Work instructions:
Print the records below word for word, but leave out the pictures.

START Raw data

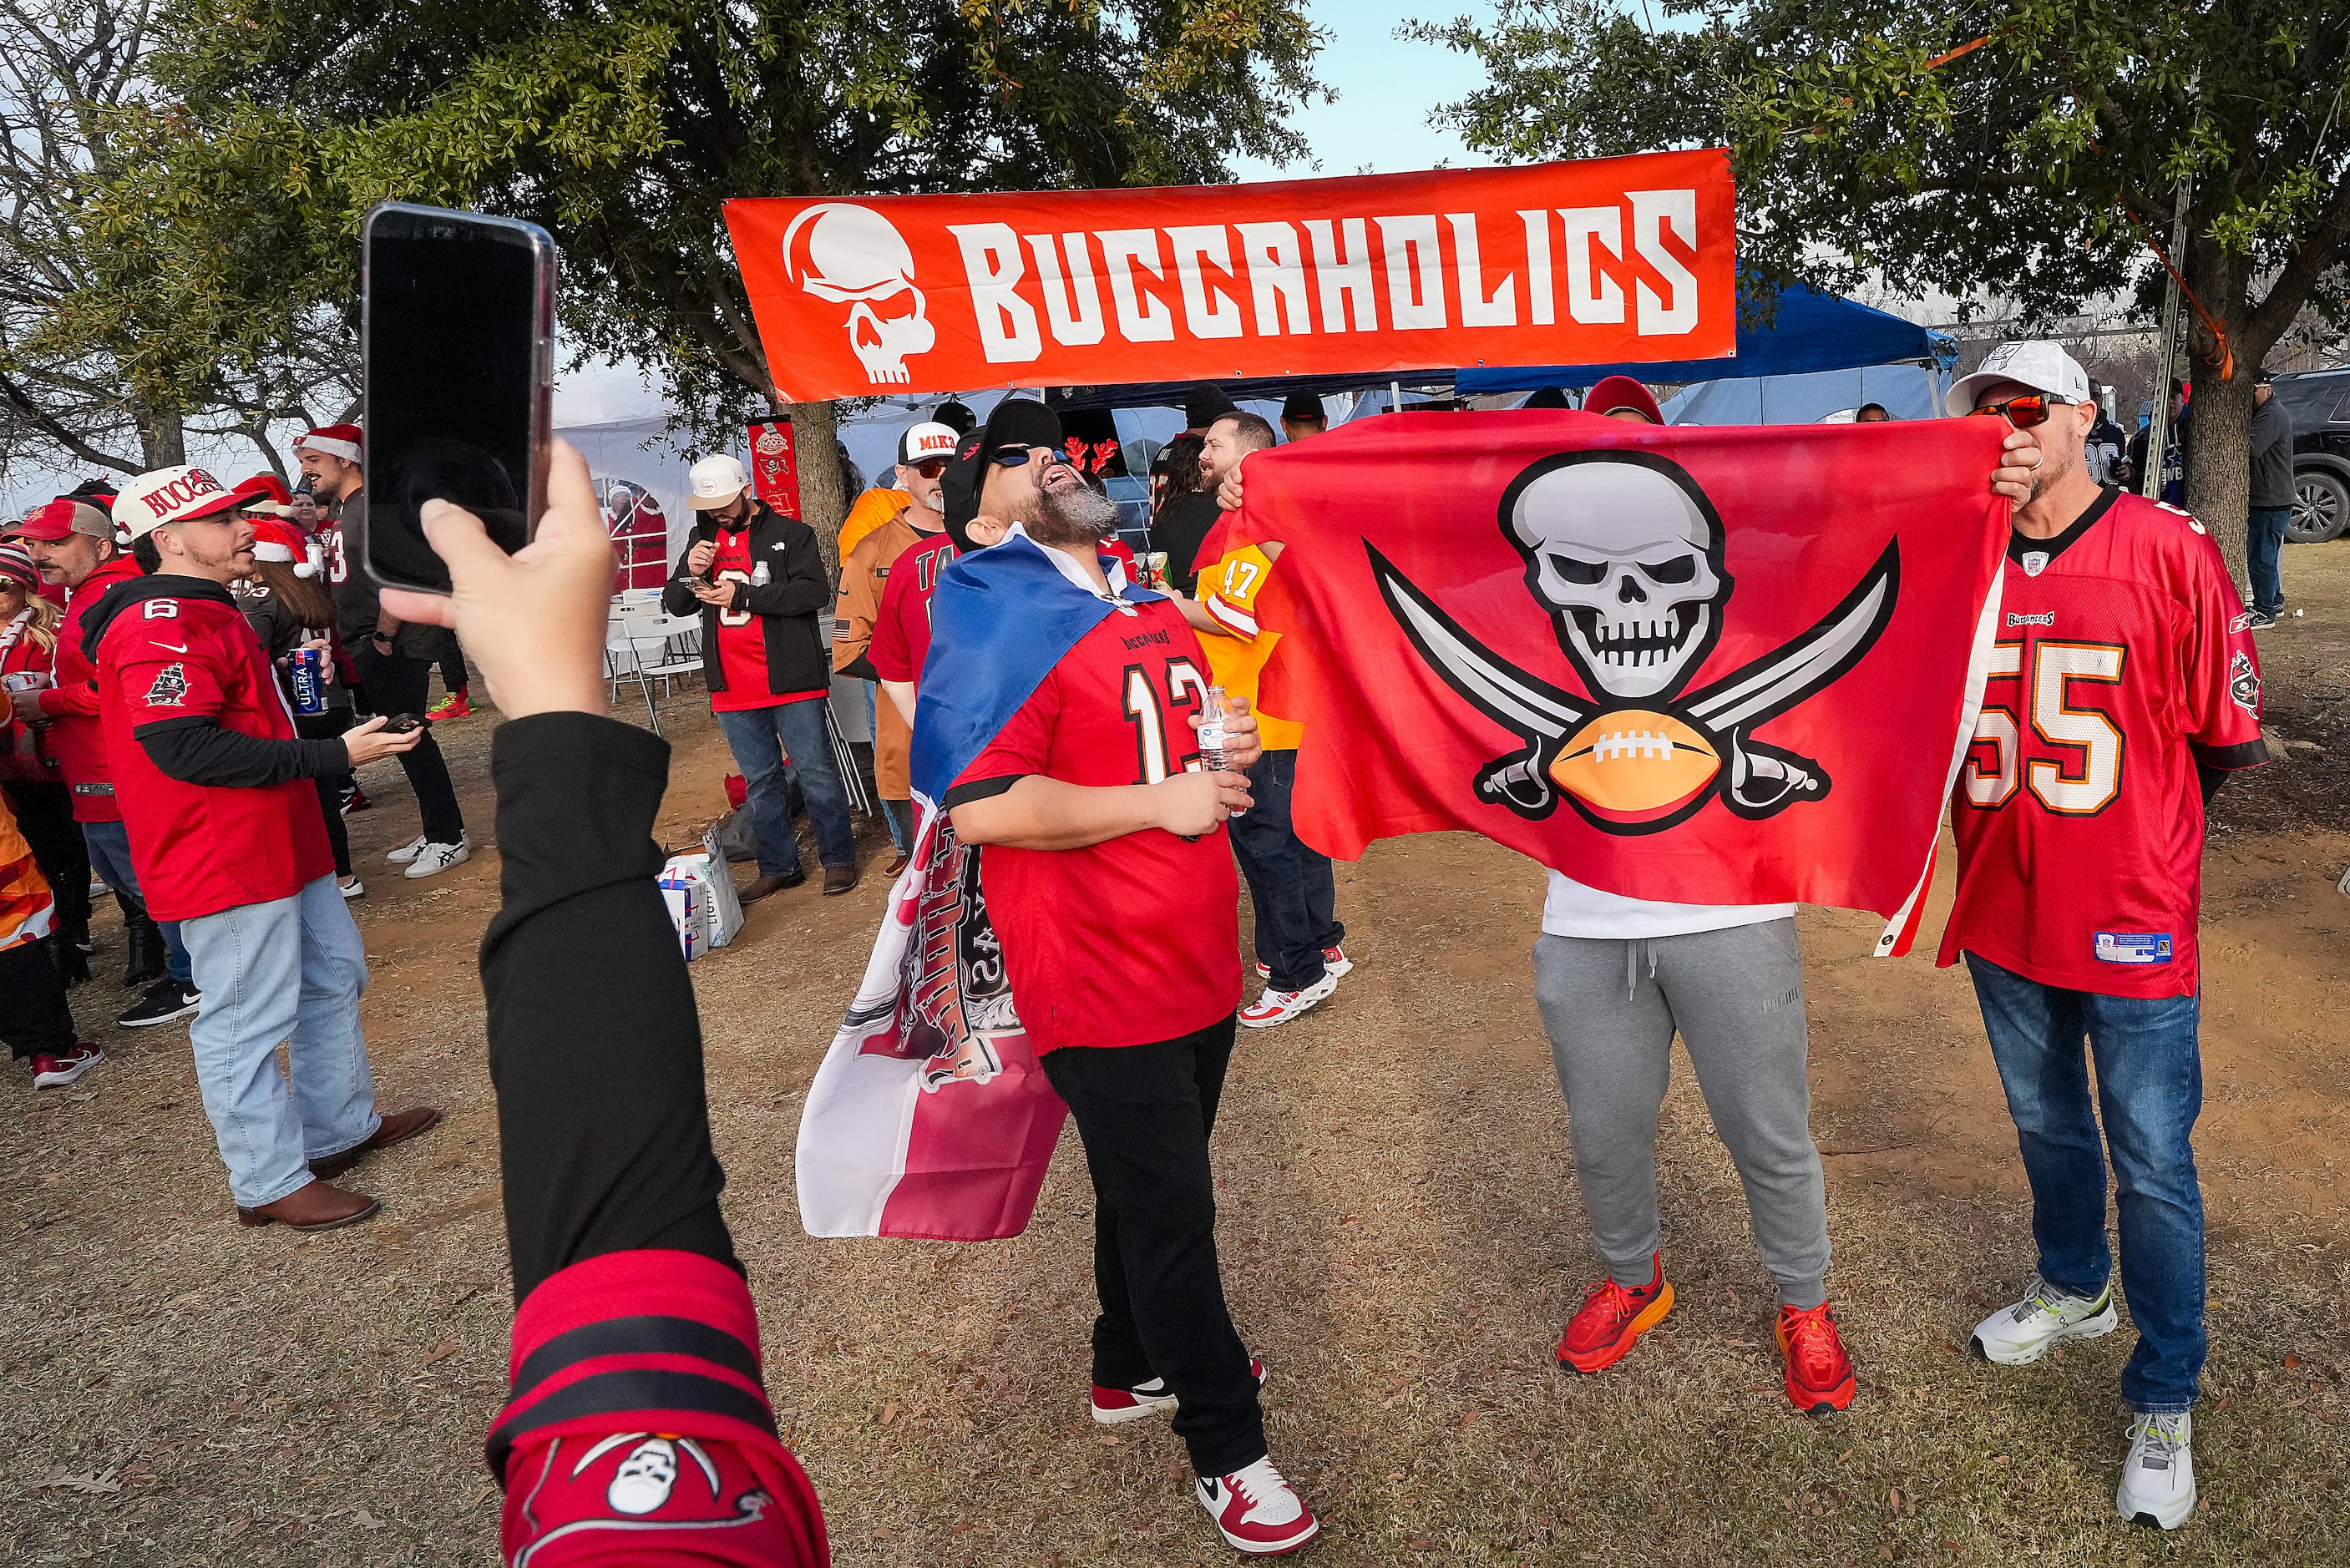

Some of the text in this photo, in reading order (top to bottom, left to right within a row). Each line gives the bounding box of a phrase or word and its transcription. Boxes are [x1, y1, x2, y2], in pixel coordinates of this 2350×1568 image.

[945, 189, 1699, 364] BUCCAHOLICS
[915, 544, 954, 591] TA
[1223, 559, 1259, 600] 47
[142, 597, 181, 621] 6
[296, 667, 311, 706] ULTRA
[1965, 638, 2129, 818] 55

END Raw data

Answer space:
Some of the text in this photo, in reading order (top to bottom, left to right within a row). Each line gives the bounding box of a phrase or word and its transcription. Boxes are [x1, y1, x2, y2], in pixel coordinates of this 2350×1568 image.

[945, 189, 1699, 364] BUCCAHOLICS
[915, 544, 954, 591] TA
[1223, 559, 1259, 600] 47
[142, 597, 181, 621] 6
[296, 667, 311, 706] ULTRA
[1965, 638, 2129, 818] 55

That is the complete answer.